A team wants an "expert market intuition" agent to decide whether a stock is underpriced. The framework says the environment is low-validity and feedback is heavily confounded, so the agent should not get autonomy based on fluent market narratives. Route instead to an actuarial or ensemble baseline, then use judgment only for anomaly explanation.

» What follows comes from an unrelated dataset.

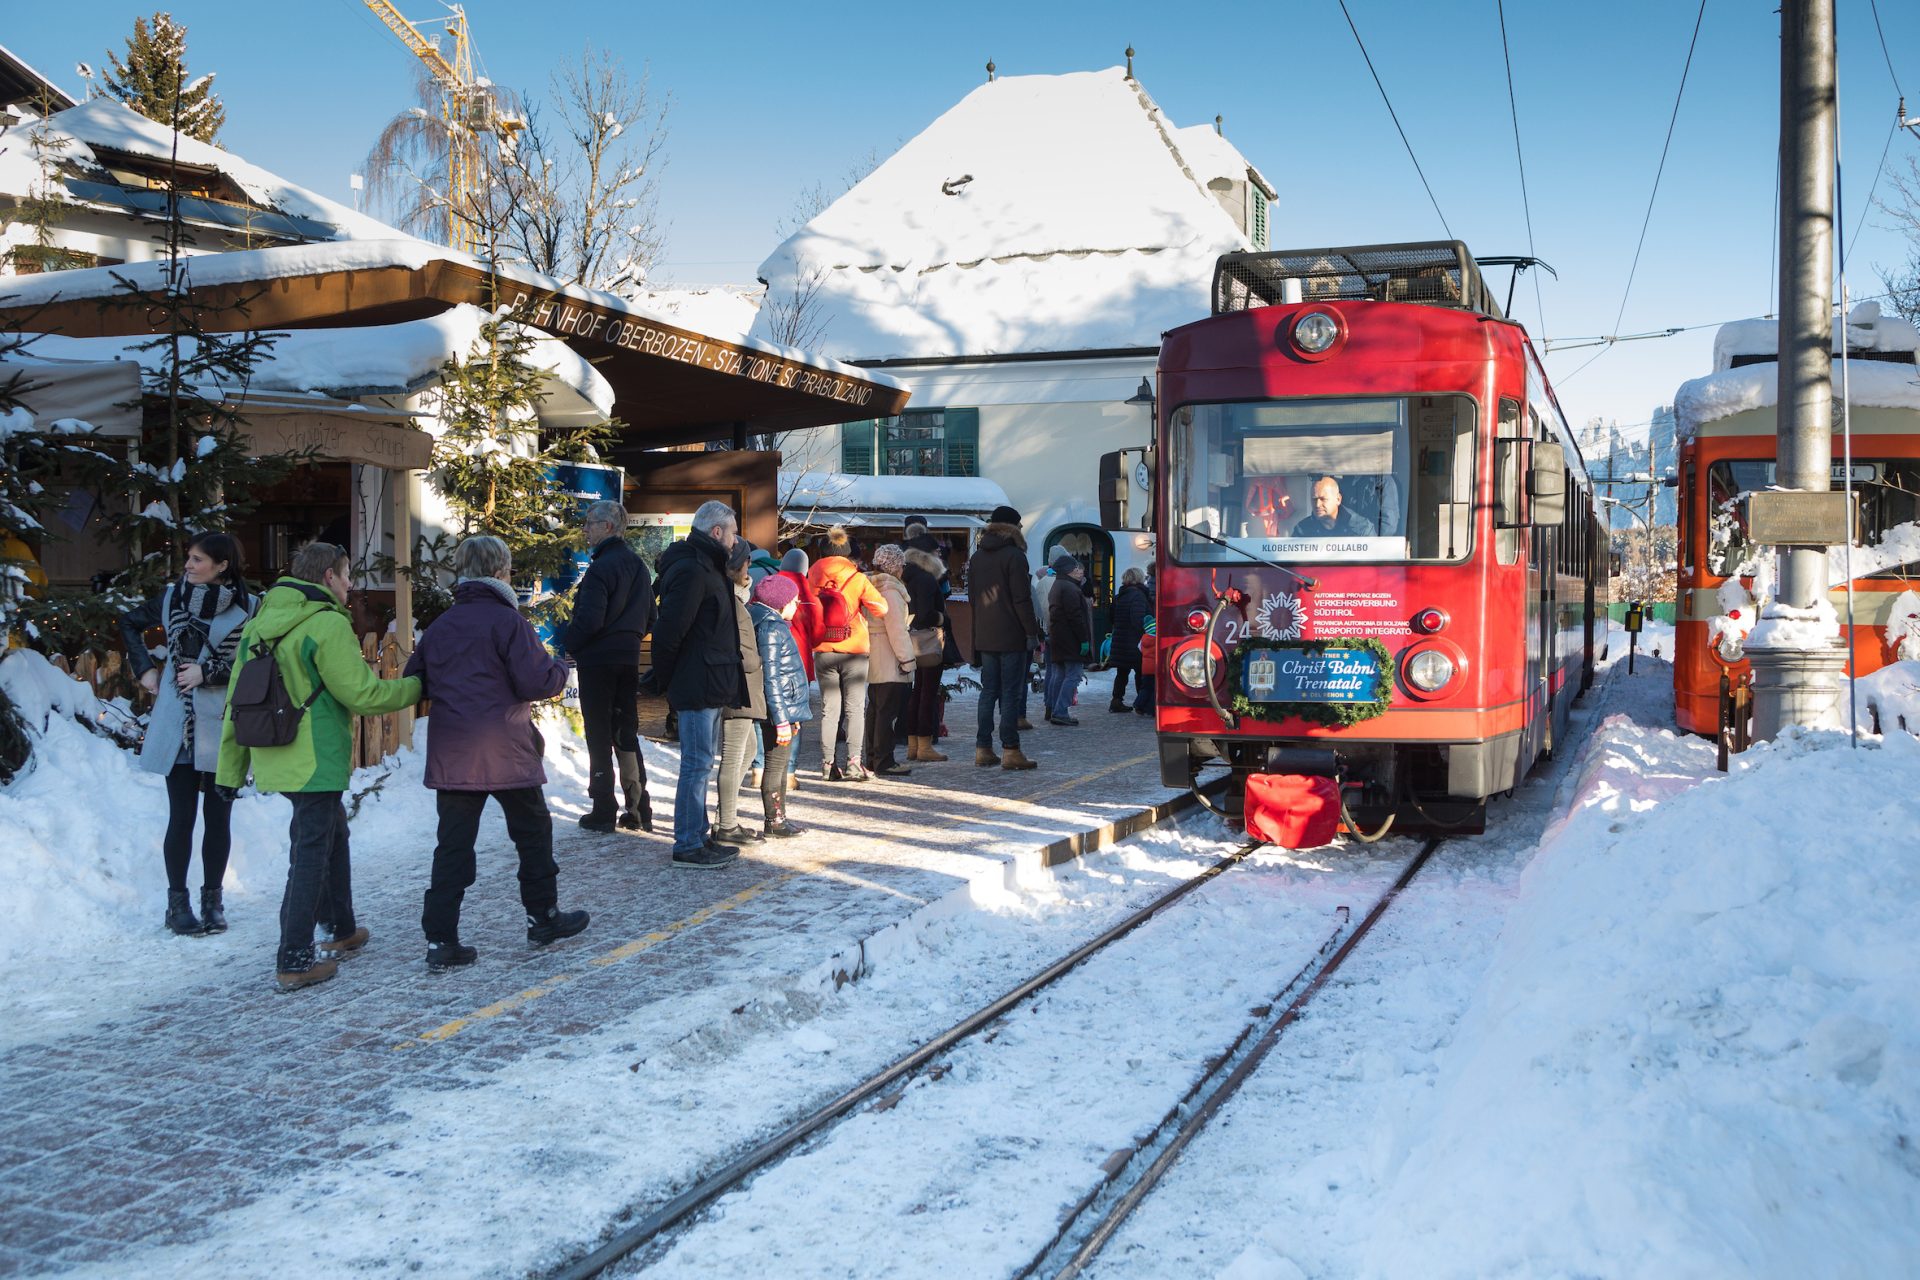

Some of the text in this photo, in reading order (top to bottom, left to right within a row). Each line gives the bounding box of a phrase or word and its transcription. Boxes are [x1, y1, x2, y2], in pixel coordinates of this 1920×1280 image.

### Example 2: Imaging Triage with Domain-Limited Judgment

A radiology-adjacent agent is strong on spotting abnormalities in one imaging modality and is asked to generalize to another that shares surface vocabulary but different cue structure. The framework flags fractionated expertise, so the system should degrade autonomy and require modality-specific validation before trusting the carryover.

## Quality Gates

- The environment has been explicitly classified as high-validity, degraded-validity, or low-validity.
- Feedback-loop quality has been examined, not assumed.
- Confidence is treated as coherence metadata rather than direct evidence.
- The task has been checked against demonstrated competence boundaries.
- Escalation rules are stricter in low-validity domains than in high-validity ones.

## Reference Files

| File | Load when... |
| --- | --- |
| `references/validity-environment-and-agent-trust.md` | You need the full environment-validity diagnostic and its implications for trust. |
| `references/algorithms-vs-intuition-routing-framework.md` | You are choosing between algorithmic, judgment-heavy, or hybrid routing. |
| `references/overconfidence-and-the-illusion-of-validity.md` | High-confidence output needs scrutiny and calibration policy. |
| `references/fractured-expertise-and-domain-boundary-detection.md` | A skill appears adjacent to the task, but you are unsure the competence really transfers. |
| `references/recognition-primed-decision-making-for-agents.md` | The environment is moderately valid and time pressure favors recognition plus simulation over exhaustive analysis. |
| `references/the-boundary-problem-knowing-when-not-to-trust-yourself.md` | You are designing escalation logic or competence self-monitoring. |

## Anti-Patterns

- Using confidence scores as a primary autonomy gate in noisy domains.
- Assuming years of exposure imply expertise without checking feedback quality.
- Porting a proven skill into adjacent tasks because the terms look familiar.
- Treating algorithmic methods as universally inferior or universally superior.
- Auditing outputs without auditing the ecology that produced them.

## Shibboleths

You have internalized this skill if you naturally ask:
- "What kind of environment is this before we talk about trust?"
- "What feedback actually taught this agent or expert?"
- "Is this the same task structure, or just an adjacent one?"
- "Does confidence here mean evidence, or just coherence?"